Page 59 of Beautiful Beginning

He smacked his lips. “On Valentine’s Day? Shit, of course I’m alone. Can’t give any of these women the wrong impression. I’ll catch up with them on Monday. After they are over the holiday weekend.”

I shook my head. “I wish I would have done the same. I wouldn’t have messed it all up.”

“The same? Bruh, that’s your girl. If you would have done the same you would be single by Monday.” He leaned onto the wall. “What’d you do so bad anyway? Buy the wrong flowers, forgot to make reservations?”

“I could have recovered from that. Bounced back by the end of the night.” Then I thought about where I did go wrong. How badly I messed up. It started with her telling me she got the job. It wasn’t the announcement alone because that shit was dope. She could stop worrying about what was next, and where she was going. The job she wanted in the city she wanted to live in were within reach. “Reality is starting to settle in.”

“Reality?” Marcus’ face twisted up.

I couldn’t expect him to understand with the bits and pieces I gave him. Catching him up meant telling him everything though. “She is moving to Neveah City. Got a job at a large firm.”

“Okay, so what’s wrong with that?”

Exactly. Why was I tripping? Why did her announcement feel like a ton of bricks barreling into my stomach. Why did all the breath in my lungs depart leaving me speechless. Why did my mind draw a blank? Not a single word could come to me to tell her how proud I was of her.

“I’m not moving to Neveah City.” I hoped that was enough for him to catch up.

Marcus was a little dense when it came to relationships though. Not like I was an expert. Obviously.

“So, the problem is she’s moving and you’re not. Got it.” But the look on his face wasn’t confident. In fact, the way he twisted his lips to the side and his eyebrows bunched together he looked more confused. “Were you trying to be with her after college anyway?” Nope. He didn’t get it.

“I mean. I love her.”

In the four years of knowing Marcus. Sharing space with him and seeing him throughout the day. Through different emotions—which didn’t vary much. Never had I ever seen his eyes stretch as wide as they were staring at me. Deer in the headlights had nothing on my boy.

“Hold the fuck up.” His hand raised in the air. Then his face looked like he was going through an existential crisis. He started walking back and forth across the floor. From the door to the back wall, and back again. There wasn’t enough floor for him to get much traction, so he kept turning around. Back and forth in front of me. “Did you say you L.O.V.Eher?”
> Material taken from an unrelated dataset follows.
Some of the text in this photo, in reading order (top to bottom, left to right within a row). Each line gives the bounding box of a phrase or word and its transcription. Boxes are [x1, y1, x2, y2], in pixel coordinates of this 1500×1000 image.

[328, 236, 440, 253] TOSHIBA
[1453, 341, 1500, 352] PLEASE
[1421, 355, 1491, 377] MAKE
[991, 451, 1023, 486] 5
I shrugged. “Yeah.” If love looked like not wanting to go a day without talking to her. Or needing to see her whenever possible. The way my heart expanded when she smiled. How the hairs on my body reacted when her hand caressed my arm. And that’s not mentioning how it feels when I’m inside her. Because that? The closeness, the warmth, the moisture. Damn.“Why wouldn’t I?”
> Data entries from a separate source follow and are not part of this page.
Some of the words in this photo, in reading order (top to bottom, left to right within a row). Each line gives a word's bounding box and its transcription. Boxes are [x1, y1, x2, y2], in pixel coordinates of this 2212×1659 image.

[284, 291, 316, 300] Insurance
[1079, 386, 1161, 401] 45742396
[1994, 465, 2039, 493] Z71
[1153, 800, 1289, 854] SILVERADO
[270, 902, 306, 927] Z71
“Because you are a twenty-two-year-old man with a whole sea of women around you.” He stopped pacing and threw his hands out. “How’d I fail you?”

I laughed. “Fail me? Question should be how I failedyou.You act like being with one woman is the end of the world when it’s the beginning. Your whole life would change.”

He scoffed. “Like yours? You over here having a whole meltdown because your girl got a job.”

Okay, so he had a point. I was in a bad place. But I hoped my position was temporary. “I have to figure out what’s next for me. That’s all.”

Marcus sat in the middle of the floor. “Lucky for you, I have time.” His wrist tilted up. “About 50 hours to be exact. After that you’re on your own. You’re a poli-sci major, SGA president…” his nose crinkled. “What exactly did you think you’d do after you graduated?”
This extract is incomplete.